Saturday, May 7, 2016

The Defect by Jeff Bailey is Based on True Events




MH-1A, Gatun Lake

I have a lot of fun with my story lines. I base all of my stories on real events in the history of nuclear technologies. The Defect is based on real events at Watts Bar NPS and Three Mile Island NPS. At WattsBar, a gunman, wearing a hooded coat, fired several shots at a security guard. He missed the guard but managed to hit the guard’s truck. News articles says that the gunman escaped in a boat. When I worked at the MH-1A Army NPS on Lake Gatun in the Panama Canal Zone, we had tell local fishermen that they weren’t allowed to fish inside the marked area on several occasions.
Three Mile Island, NPS
At Three Mile Island, the reactor eventually melted down from a loss of reactor coolant. Two things contributed to the loss of coolant: a defect air solenoid valve and operator error.
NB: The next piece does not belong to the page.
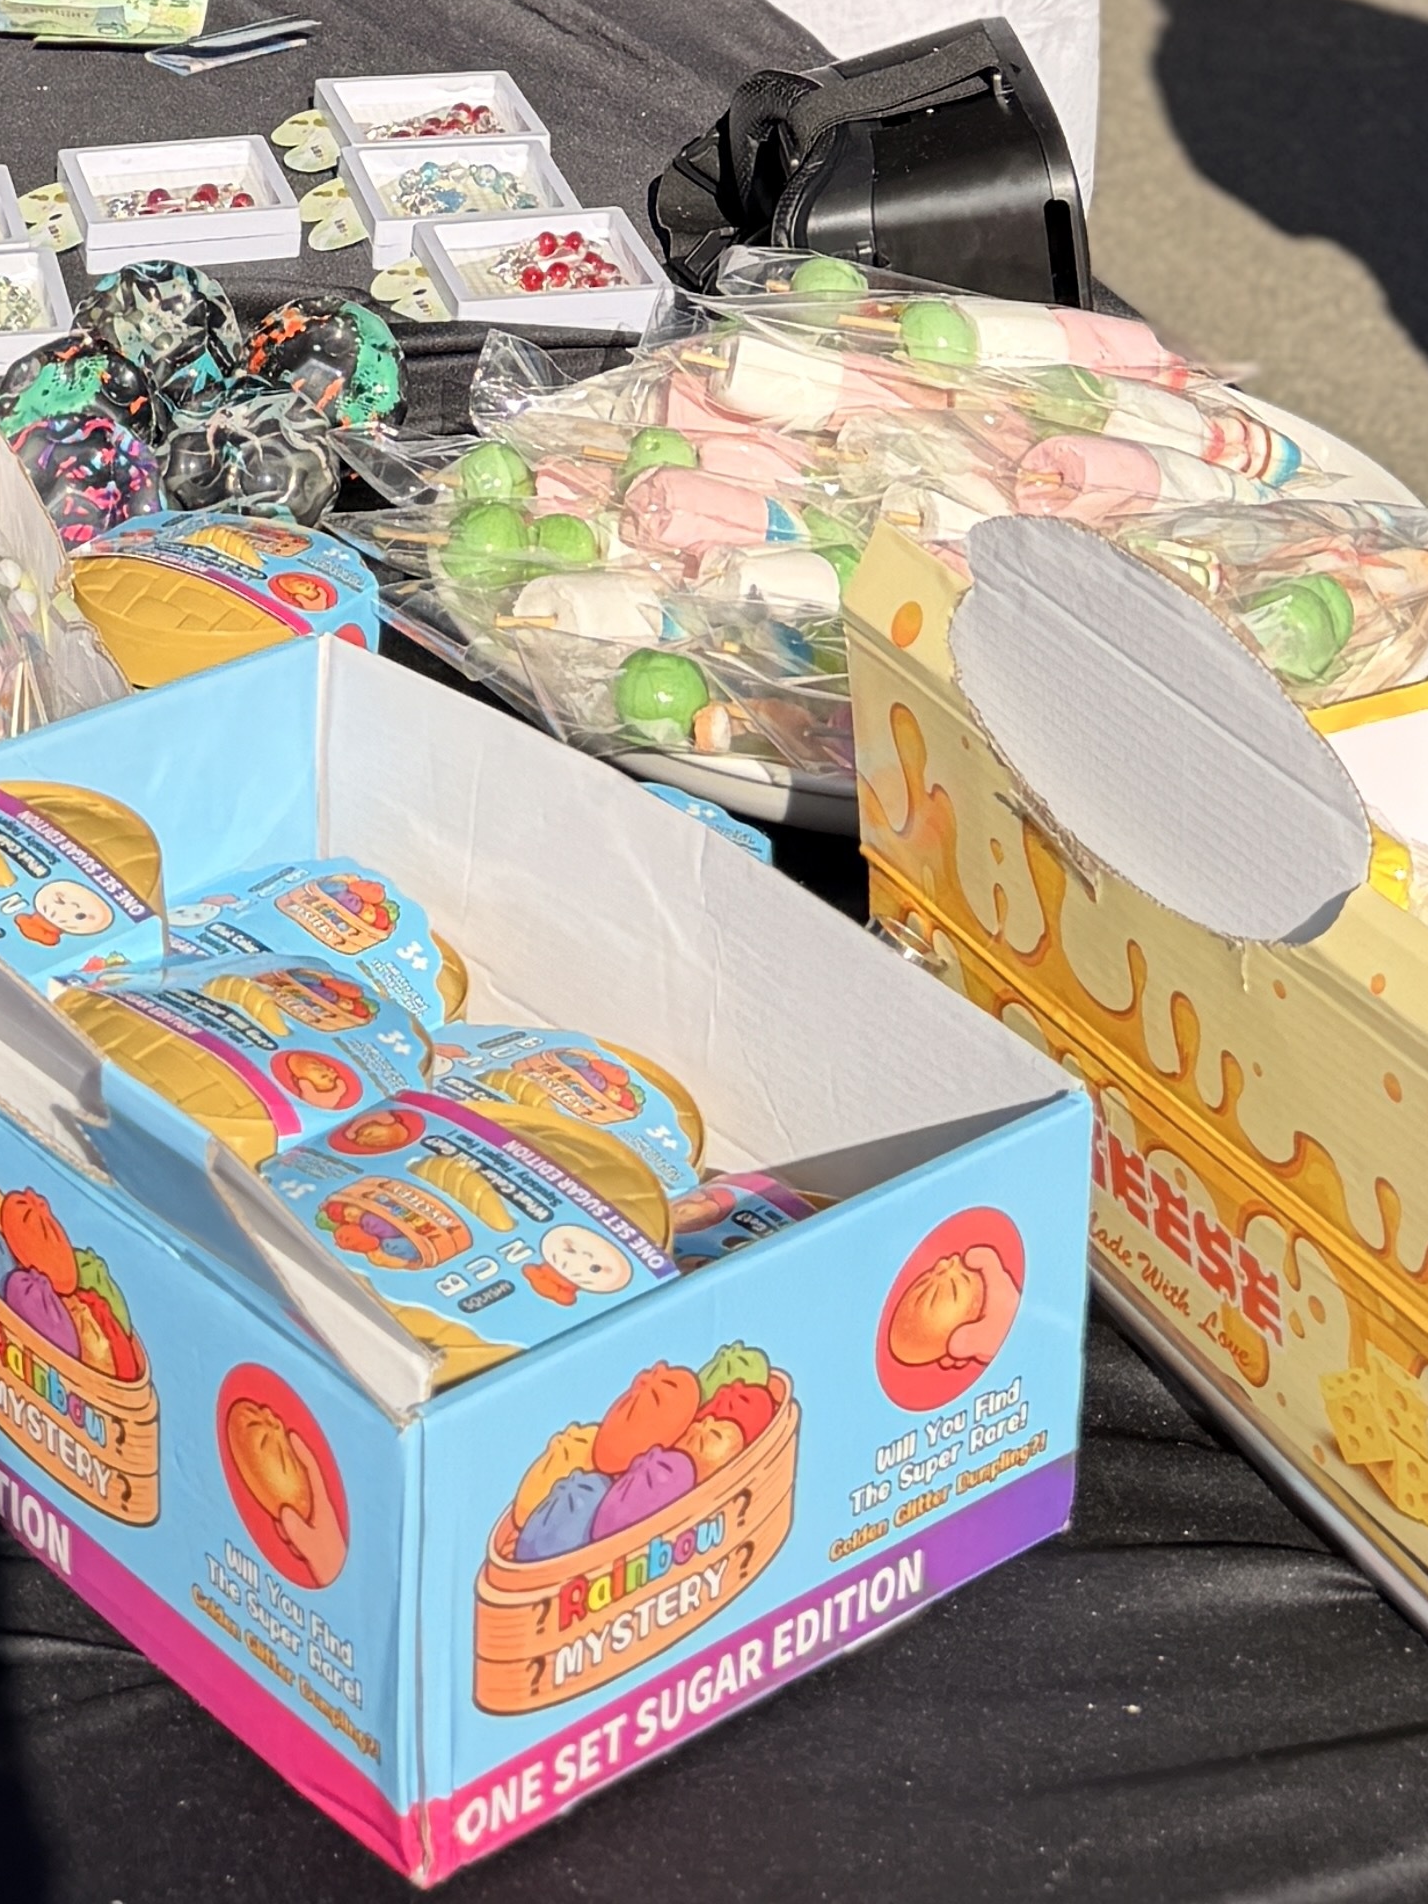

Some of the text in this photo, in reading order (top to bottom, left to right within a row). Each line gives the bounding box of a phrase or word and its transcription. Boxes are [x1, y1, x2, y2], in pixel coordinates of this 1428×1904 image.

Compare the news release in The Defect with the Wikipedia page.
These things can and do happen. Because I was in the industry for so long, I know that they happen more frequently than the average person realizes. That’s what makes these stories interesting for me. I wrote several of the operating and power plant scenes in The Defect from my own experiences as an operator, especially in the control room. I don’t have documentation to support the stories, so all I can do is claim that they are fiction.
In my current project, I’m a Marine, the story takes place at the weapons maintenance at Fort Sill, OK. As a nuclear weapons maintenance technician, I was stationed at the maintenance facility at Ft. Sill. I went in and out of the Ft. Sill back gate on many occasions. My friends and I spent many days of relaxed recreation on Lake Lawtonka. The main character, I’m a Marine is a personification of my oldest granddaughter, Corporal Kalli Bailey, who is a Marine Corp. Aviation Firefighter.
Lake Lawtonka
Cassie.
The Chilcoat Project is based on an actual theft of nuclear weapons secrets (obsolete and inconsequential secrets) from a national research facility in New Mexico by a Chinese exchange researcher using the onsite email system. I also used my seventeen years as a researcher scientist at a national laboratory as story fodder in the laboratory descriptions and scenes.
Wine Country takes place in Pacific Northwest Wine Country. I live in the middle of that wine country. The Hanford Nuclear Reservation and the Pacific Northwest National Laboratory are two of largest employers in the area. My second granddaughter, who is a medical technician, was the inspiration for the character, Abby. Yes, we avid NCIS fans. The story is based on a real news account of ‘The Radioactive Boyscout’ who lived in Michigan. He accumulated so much radioactive material from legal, but minuscule, sources that the government had to condemn his family’s home and make it a Super Fund clean-up site. Blend the stories together, move them to the Pacific Northwest, add a measure of fiction and I have, what I feel, is good story.